-- YOUR OBJECTIVE --
Your output must hold every entry exactly as written and none of the pictures.

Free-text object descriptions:
________________________________________

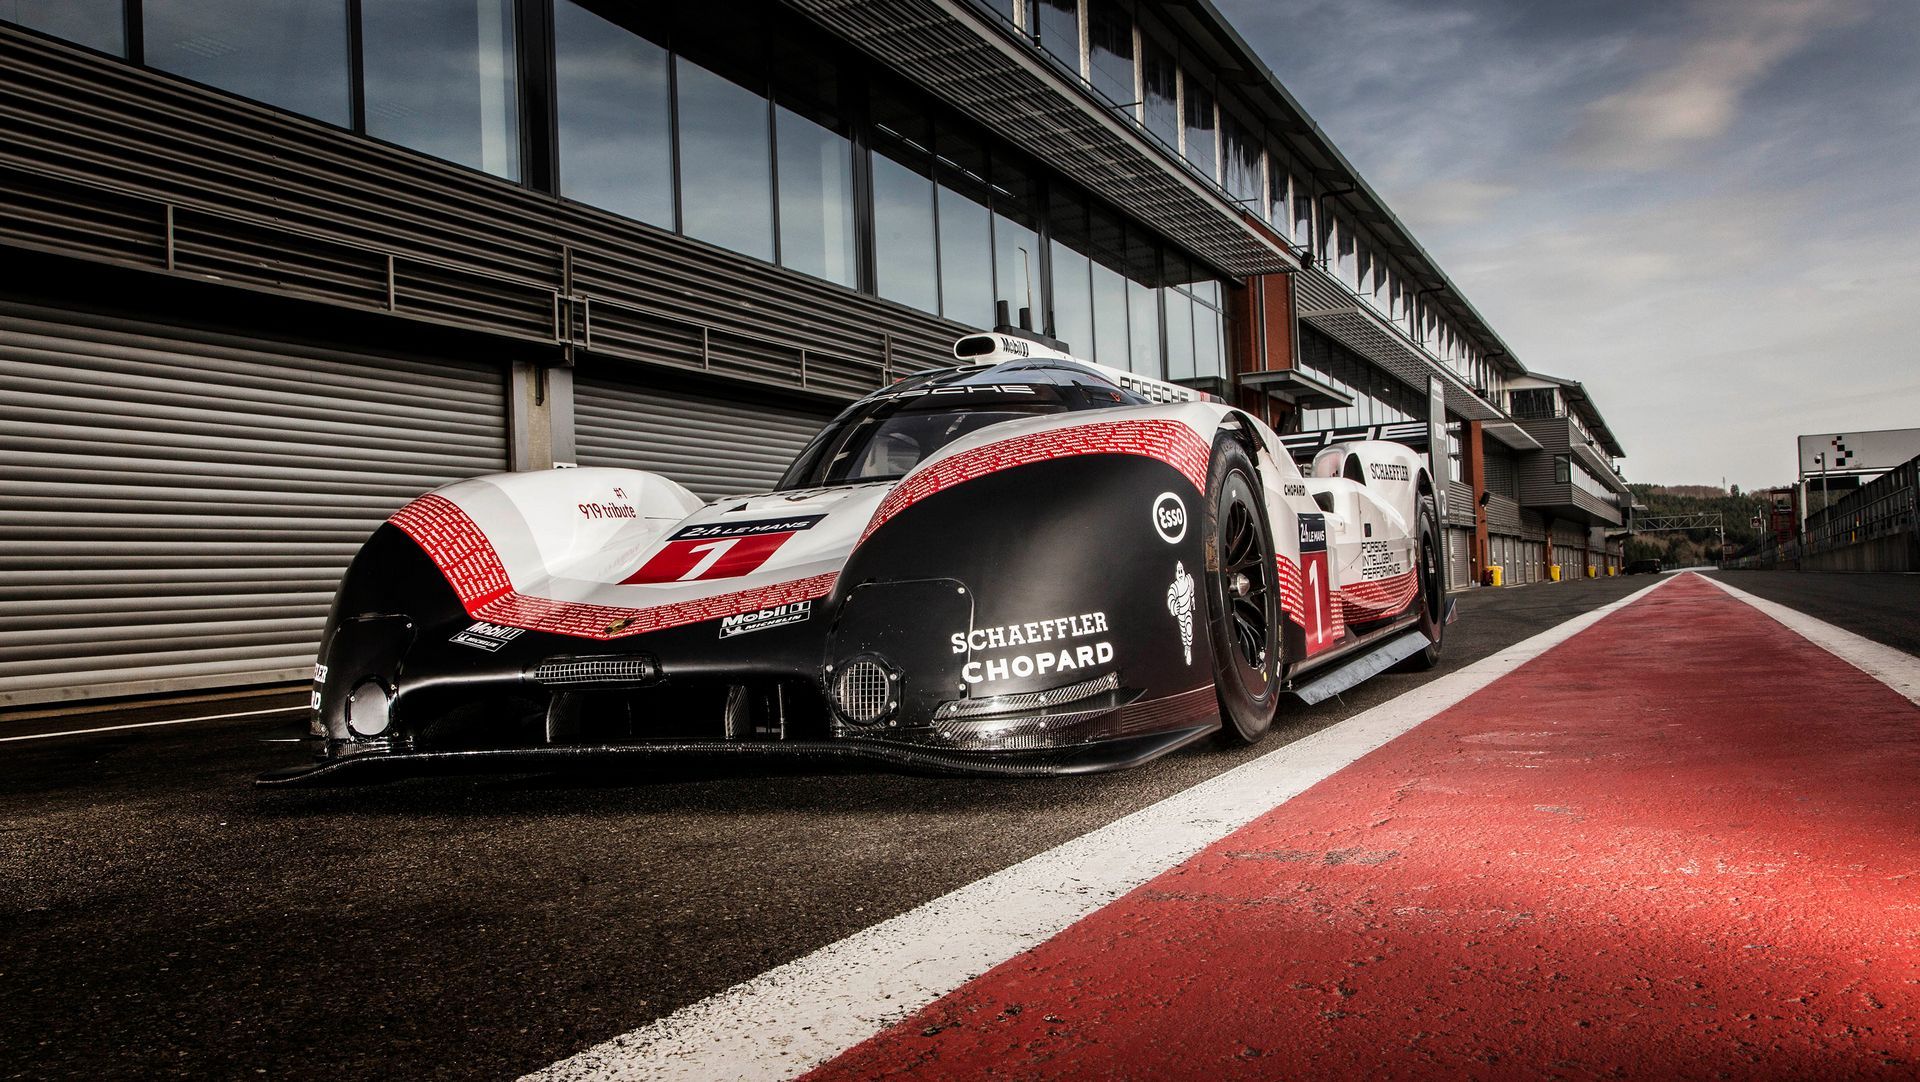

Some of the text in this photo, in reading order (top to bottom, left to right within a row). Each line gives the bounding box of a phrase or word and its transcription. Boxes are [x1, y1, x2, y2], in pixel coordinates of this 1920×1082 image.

[1000, 337, 1022, 356] Mobil
[1370, 462, 1410, 482] SCHAEFFLER
[614, 487, 628, 499] #1
[1284, 484, 1305, 497] CHOPARD
[578, 503, 637, 520] 919 tribute
[1158, 507, 1183, 529] Esso
[721, 526, 749, 535] LE
[748, 521, 810, 532] MANS
[1309, 531, 1314, 542] LE
[1314, 530, 1325, 542] MANS
[1361, 541, 1387, 553] PORSCHE
[676, 538, 742, 582] 1
[1362, 552, 1394, 566] INTELLIGENT
[1361, 563, 1401, 580] PERFORMANCE
[1309, 559, 1323, 644] 1
[721, 605, 787, 628] Mobil
[745, 615, 802, 630] MICHELIN
[465, 621, 513, 638] Mobil
[951, 611, 1109, 654] SCHAEFFLER
[961, 641, 1114, 683] CHOPARD

________________________________________

-- ANSWER TO THE PROBLEM --
Some of the text in this photo, in reading order (top to bottom, left to right within a row). Each line gives the bounding box of a phrase or word and its transcription. Boxes are [x1, y1, x2, y2], in pixel coordinates of this 1920×1082 image.

[1000, 337, 1022, 356] Mobil
[1370, 462, 1410, 482] SCHAEFFLER
[614, 487, 628, 499] #1
[1284, 484, 1305, 497] CHOPARD
[578, 503, 637, 520] 919 tribute
[1158, 507, 1183, 529] Esso
[721, 526, 749, 535] LE
[748, 521, 810, 532] MANS
[1309, 531, 1314, 542] LE
[1314, 530, 1325, 542] MANS
[1361, 541, 1387, 553] PORSCHE
[676, 538, 742, 582] 1
[1362, 552, 1394, 566] INTELLIGENT
[1361, 563, 1401, 580] PERFORMANCE
[1309, 559, 1323, 644] 1
[721, 605, 787, 628] Mobil
[745, 615, 802, 630] MICHELIN
[465, 621, 513, 638] Mobil
[951, 611, 1109, 654] SCHAEFFLER
[961, 641, 1114, 683] CHOPARD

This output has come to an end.